Given entries START
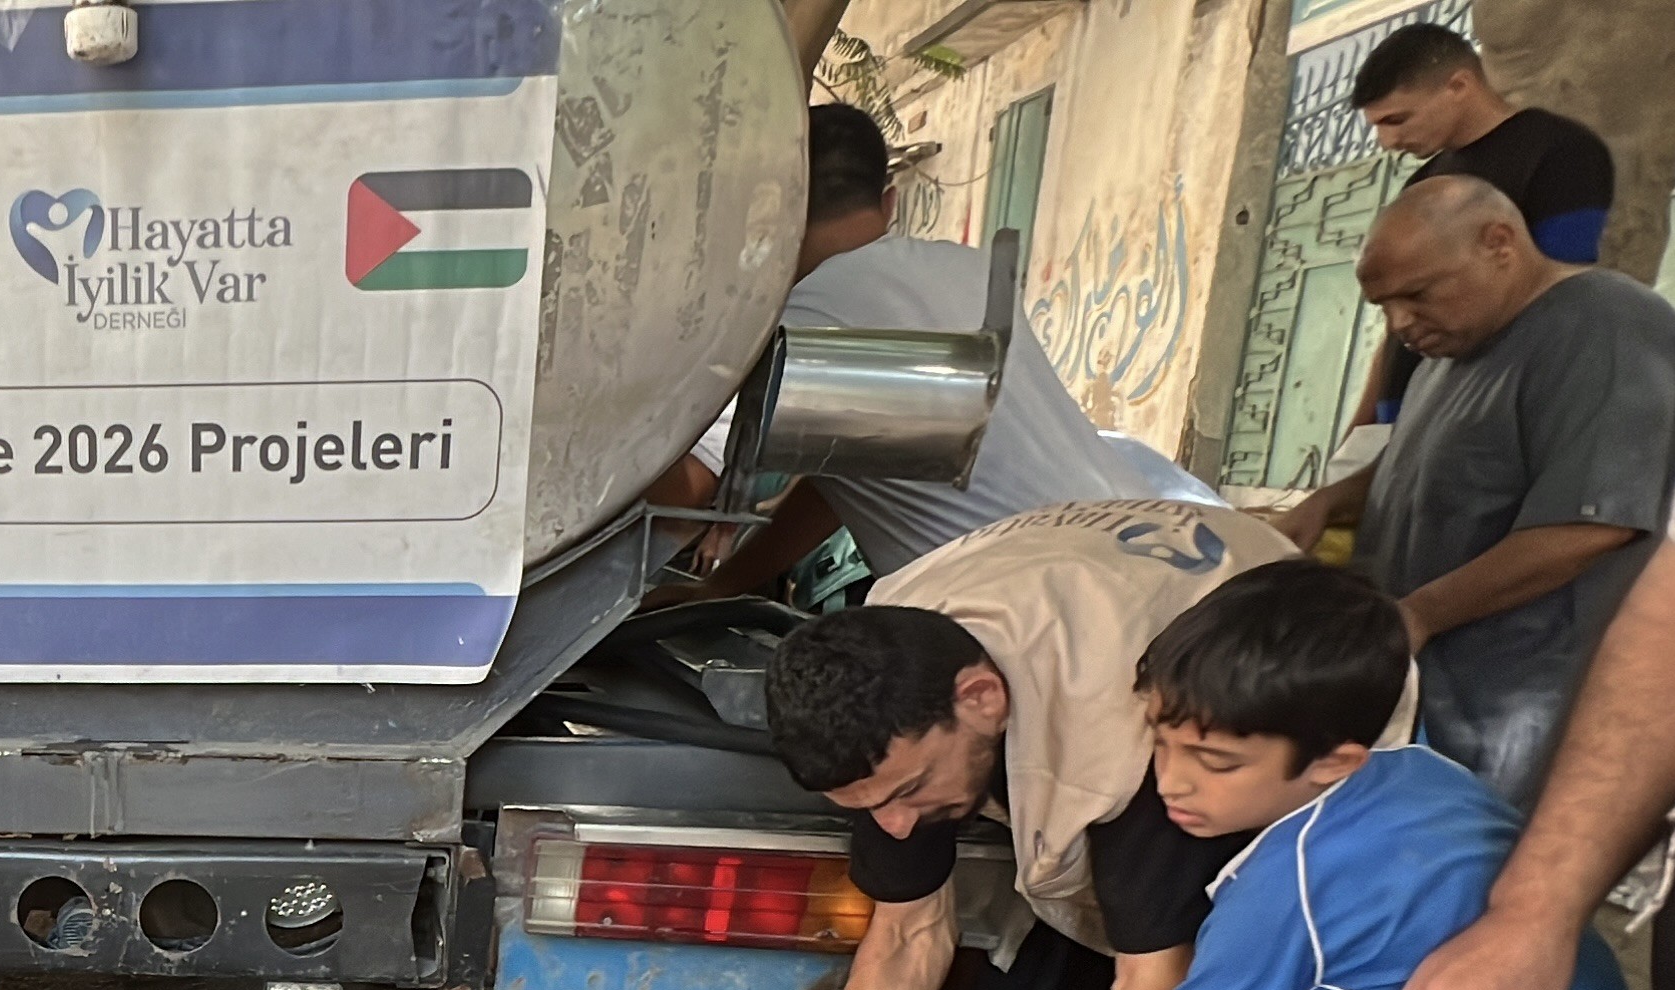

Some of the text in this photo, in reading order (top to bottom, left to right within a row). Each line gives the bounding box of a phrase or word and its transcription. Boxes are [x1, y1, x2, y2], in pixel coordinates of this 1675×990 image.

[108, 206, 294, 267] Hayatta
[63, 254, 267, 323] İyilik Var
[93, 307, 187, 330] DERNEĞİ
[32, 422, 170, 475] 2026
[190, 417, 454, 485] Projeleri
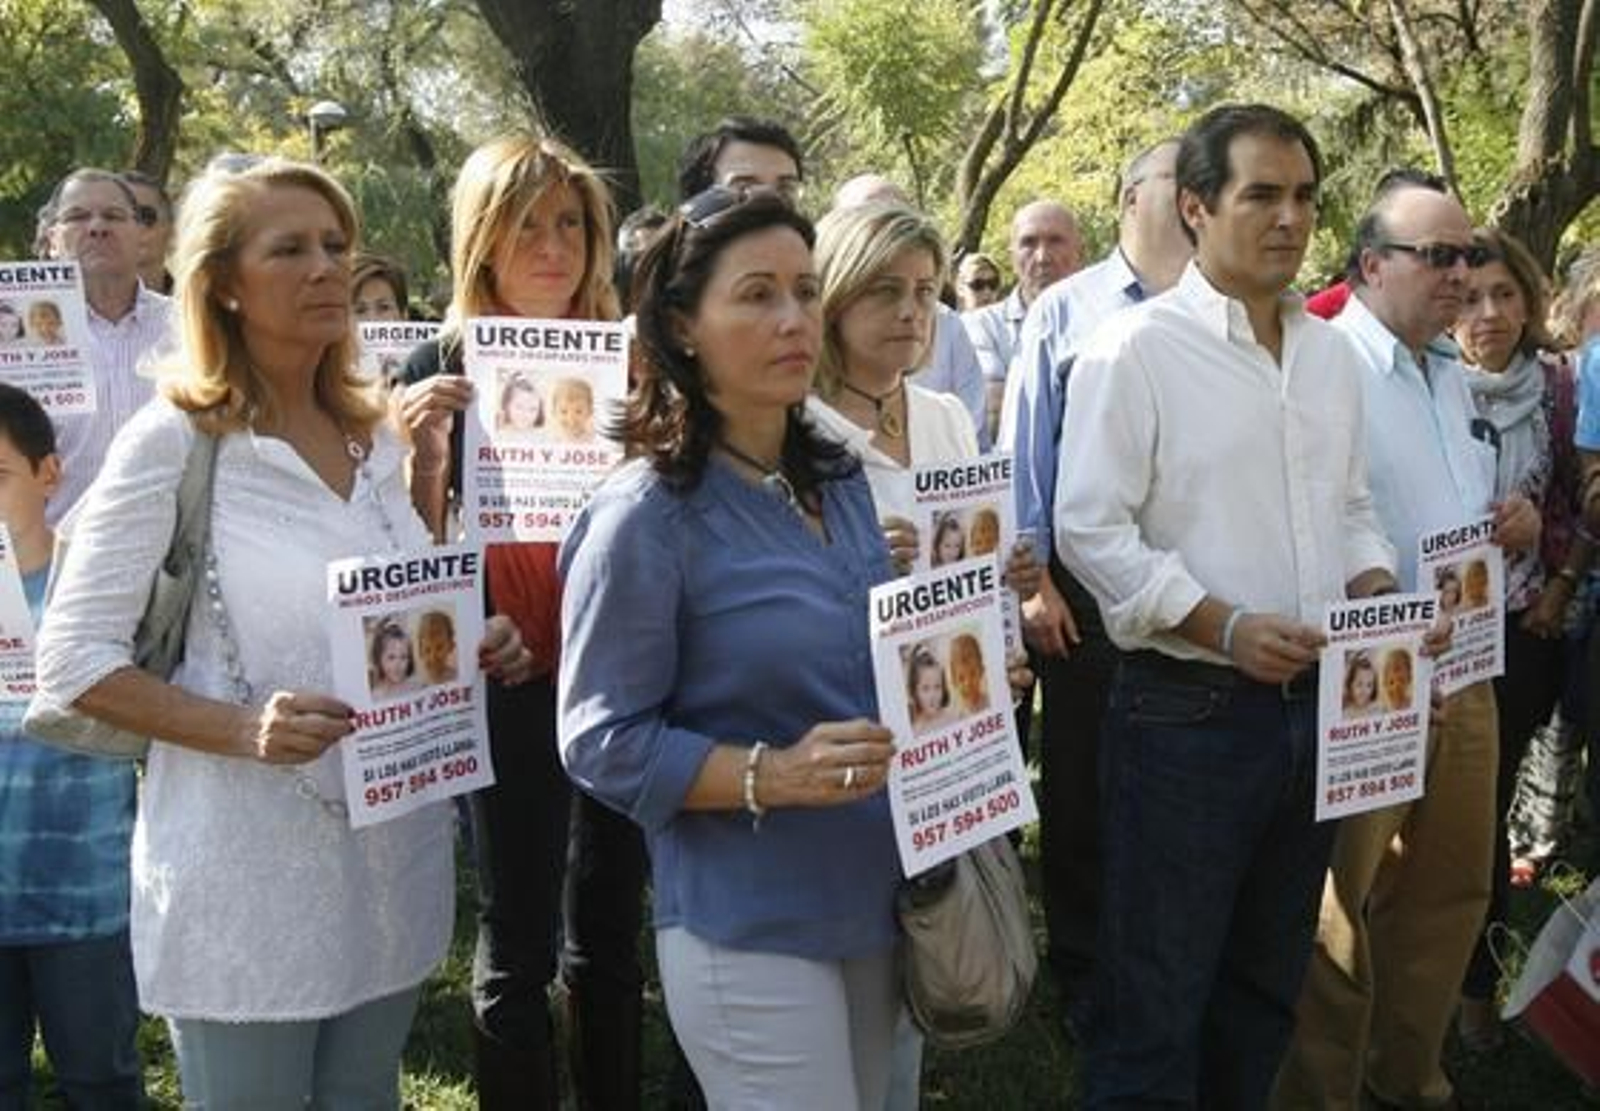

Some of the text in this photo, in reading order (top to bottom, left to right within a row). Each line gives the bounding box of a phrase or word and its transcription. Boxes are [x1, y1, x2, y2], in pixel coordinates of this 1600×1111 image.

[364, 326, 439, 340] URGENT
[475, 325, 622, 351] URGENTE
[478, 447, 609, 465] RUTH Y JOSE
[915, 458, 1011, 492] URGENTE
[478, 513, 514, 528] 957
[524, 513, 561, 528] 594
[1422, 520, 1496, 553] URGENT
[338, 553, 477, 594] URGENTE
[878, 565, 994, 623] URGENTE
[1329, 600, 1435, 631] URGENTE
[355, 686, 472, 728] RUTH Y JOSE
[901, 713, 1005, 768] RUTH Y JOSE
[1328, 712, 1419, 742] RUTH Y JOSE
[364, 755, 478, 808] 957 594 500
[1326, 771, 1416, 805] 957 594 500
[912, 789, 1020, 852] 957 594 500
Given entries END
*Task item*. All of the data above should be transcribed verbatim, with pictures omitted.

*Exercise response*.
Some of the text in this photo, in reading order (top to bottom, left to right within a row). Each line gives the bounding box of a phrase or word and its transcription. Boxes are [x1, y1, x2, y2], in pixel coordinates of this 1675×990 image.

[108, 206, 294, 267] Hayatta
[63, 254, 267, 323] İyilik Var
[93, 307, 187, 330] DERNEĞİ
[32, 422, 170, 475] 2026
[190, 417, 454, 485] Projeleri

Some of the text in this photo, in reading order (top to bottom, left to right within a row). Each line gives the bounding box of a phrase or word and its transcription. Boxes are [x1, y1, x2, y2], in pixel coordinates of this 1600×1111 image.

[364, 326, 439, 340] URGENT
[475, 325, 622, 351] URGENTE
[478, 447, 609, 465] RUTH Y JOSE
[915, 458, 1011, 492] URGENTE
[478, 513, 514, 528] 957
[524, 513, 561, 528] 594
[1422, 520, 1496, 553] URGENT
[338, 553, 477, 594] URGENTE
[878, 565, 994, 623] URGENTE
[1329, 600, 1435, 631] URGENTE
[355, 686, 472, 728] RUTH Y JOSE
[901, 713, 1005, 768] RUTH Y JOSE
[1328, 712, 1419, 742] RUTH Y JOSE
[364, 755, 478, 808] 957 594 500
[1326, 771, 1416, 805] 957 594 500
[912, 789, 1020, 852] 957 594 500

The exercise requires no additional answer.